TO DO:
Please transcribe the entries exactly and omit the images they contain.

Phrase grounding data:

* * * *

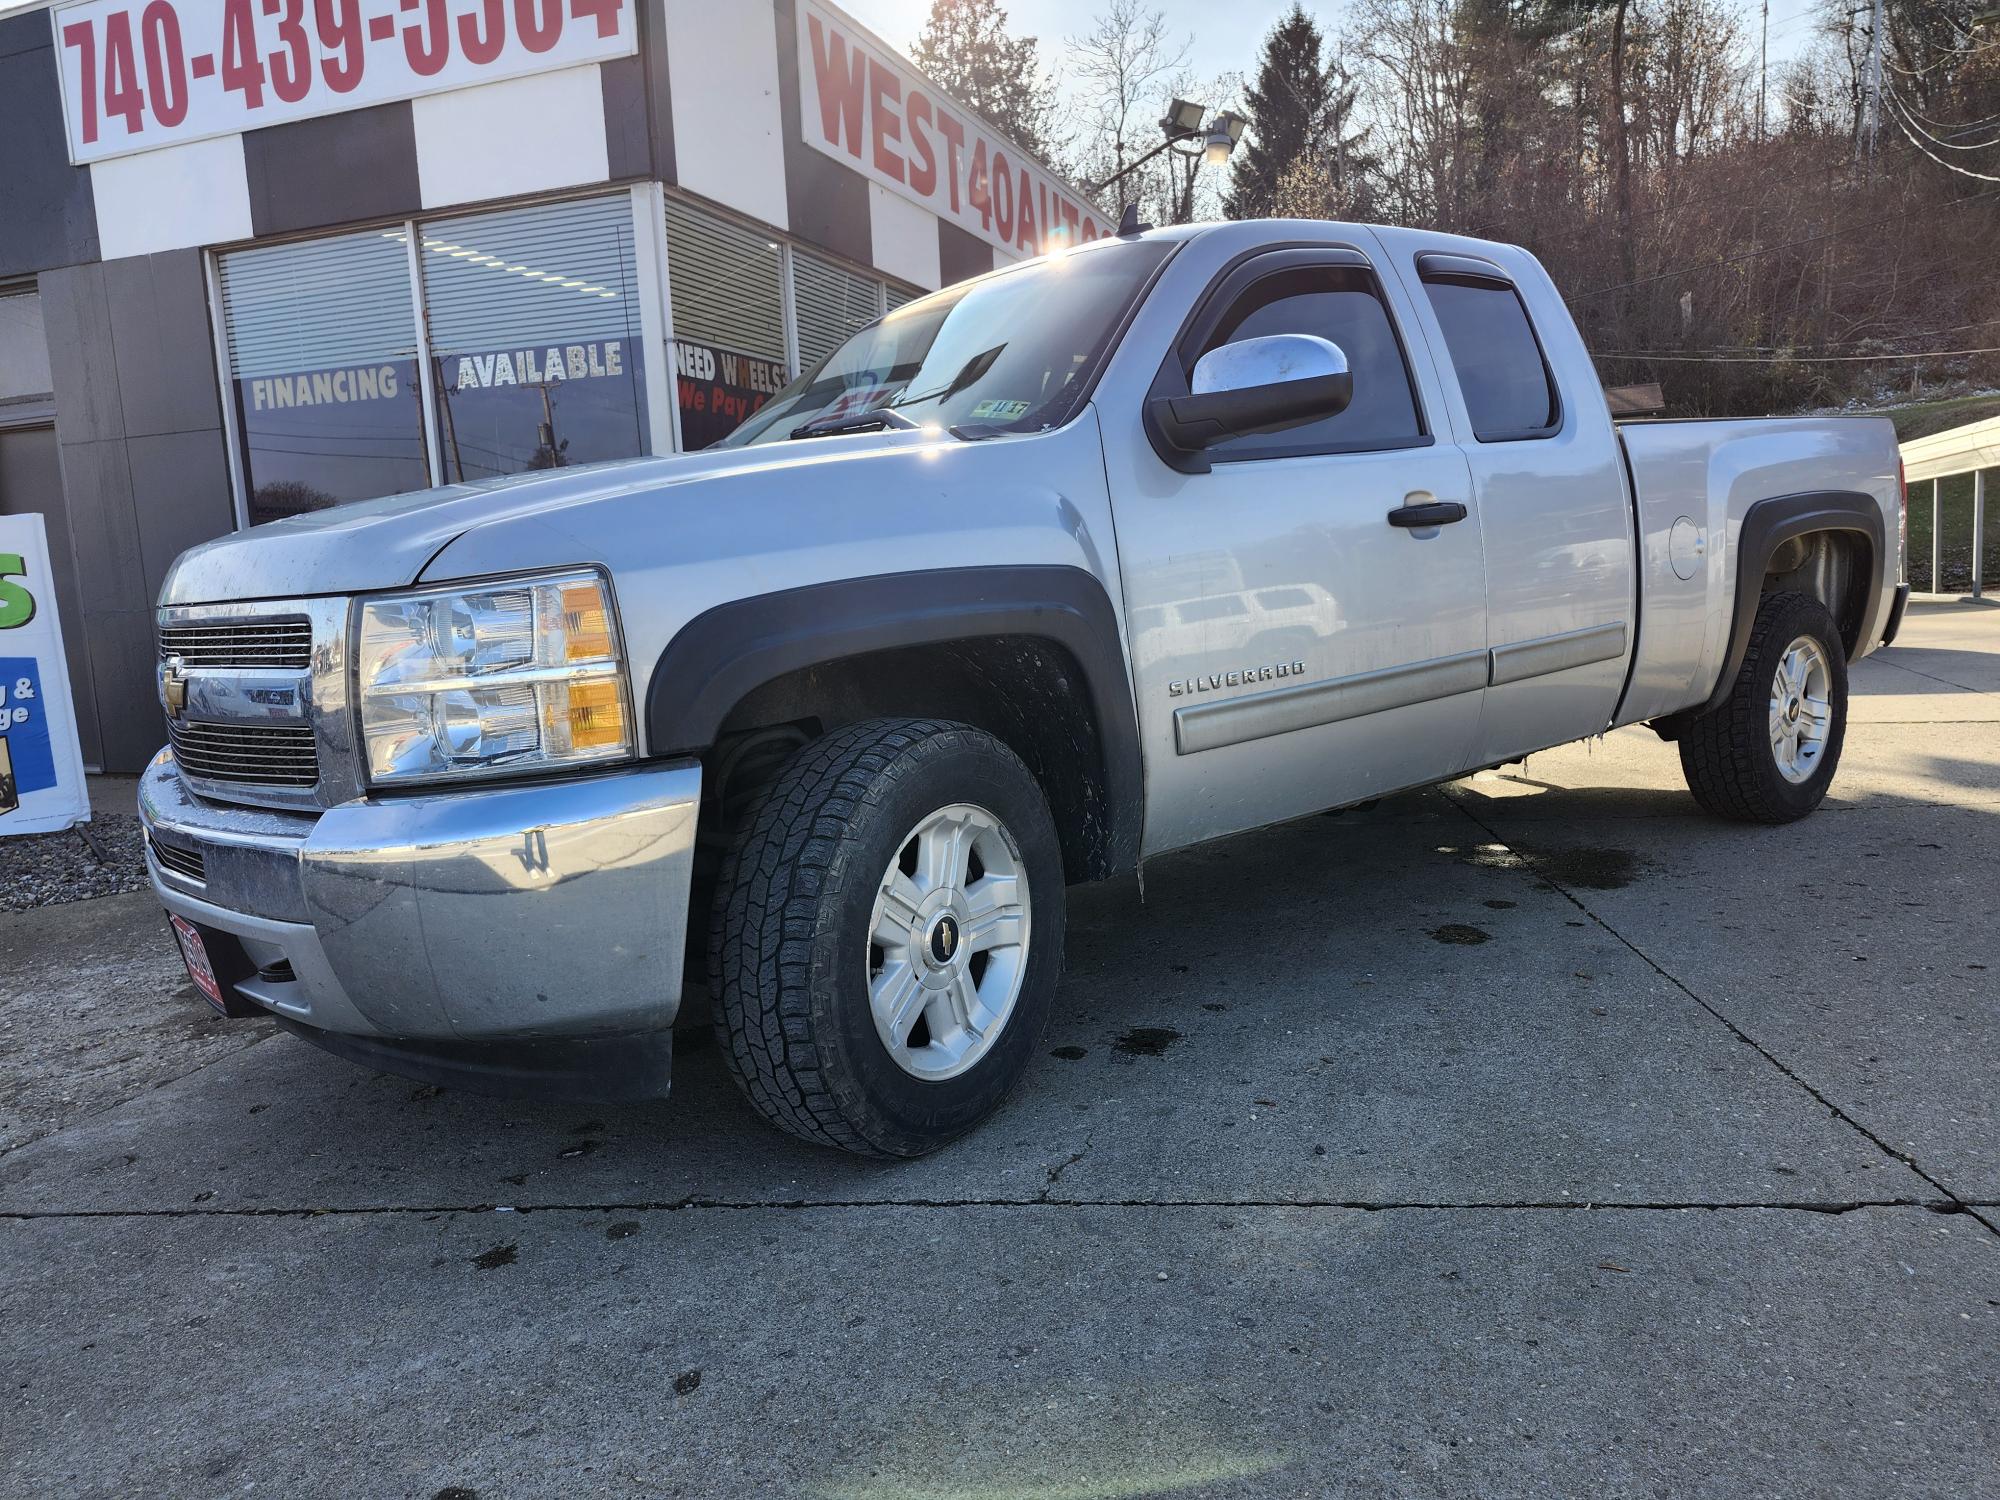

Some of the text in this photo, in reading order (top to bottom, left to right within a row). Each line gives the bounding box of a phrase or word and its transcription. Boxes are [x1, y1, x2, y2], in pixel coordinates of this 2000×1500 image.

[807, 12, 964, 215] WEST
[252, 341, 624, 411] FINANCING AVAILABLE
[675, 343, 716, 381] NEED
[678, 379, 705, 411] We
[712, 387, 747, 422] Pay
[1169, 660, 1306, 697] SILVERADO
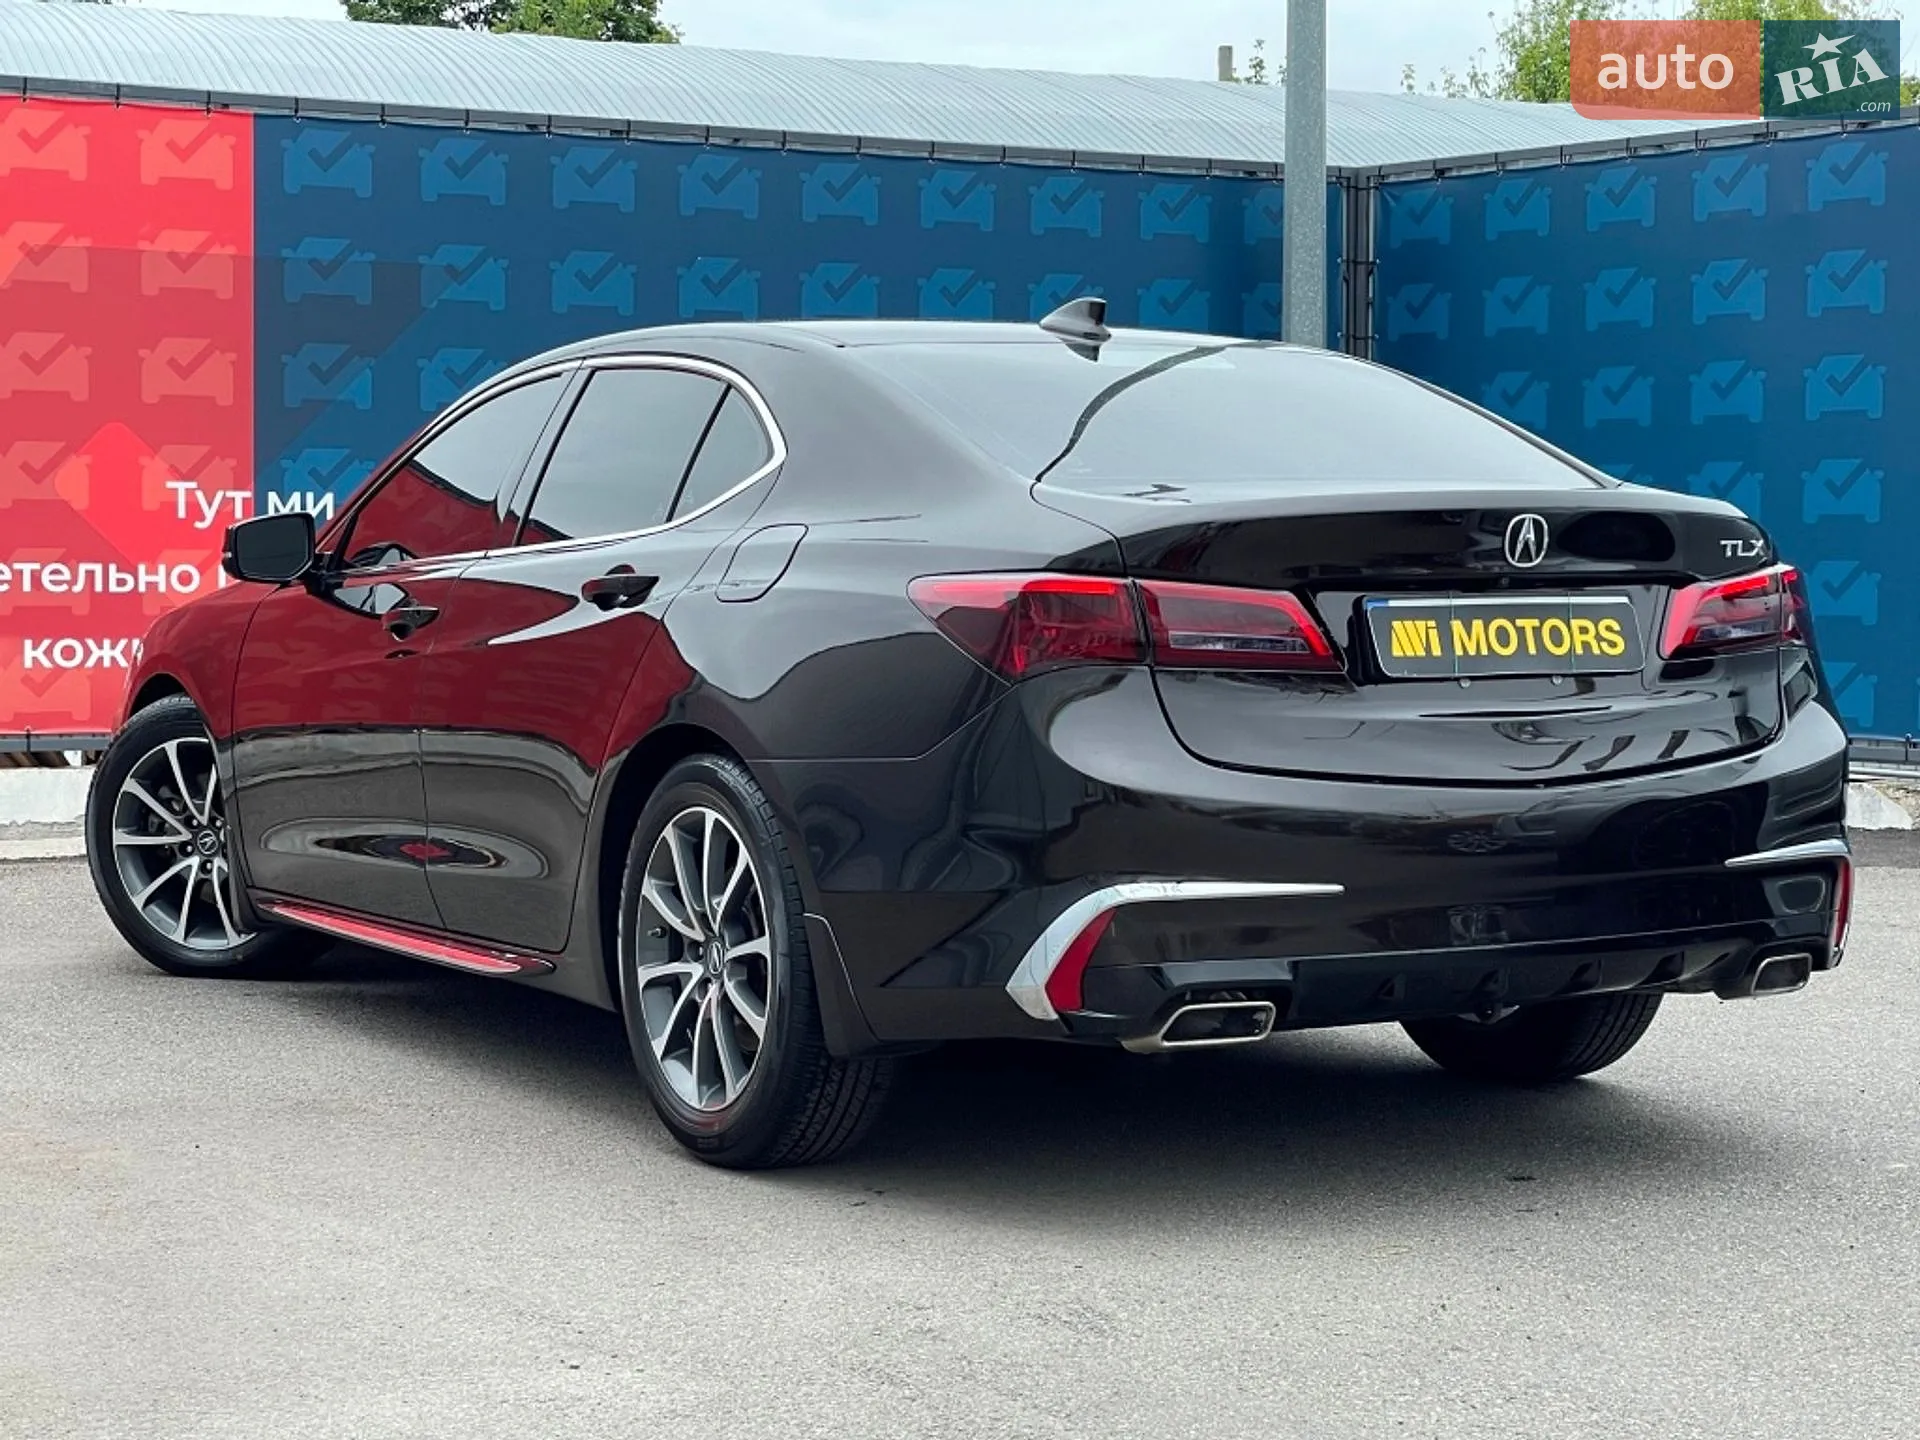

* * * *

EXERCISE ANSWER:
Some of the text in this photo, in reading order (top to bottom, left to right within a row). Each line gives the bounding box of a phrase or word and its transcription. Boxes are [x1, y1, x2, y2], in pixel coordinates of this 2000×1500 image.

[807, 12, 964, 215] WEST
[252, 341, 624, 411] FINANCING AVAILABLE
[675, 343, 716, 381] NEED
[678, 379, 705, 411] We
[712, 387, 747, 422] Pay
[1169, 660, 1306, 697] SILVERADO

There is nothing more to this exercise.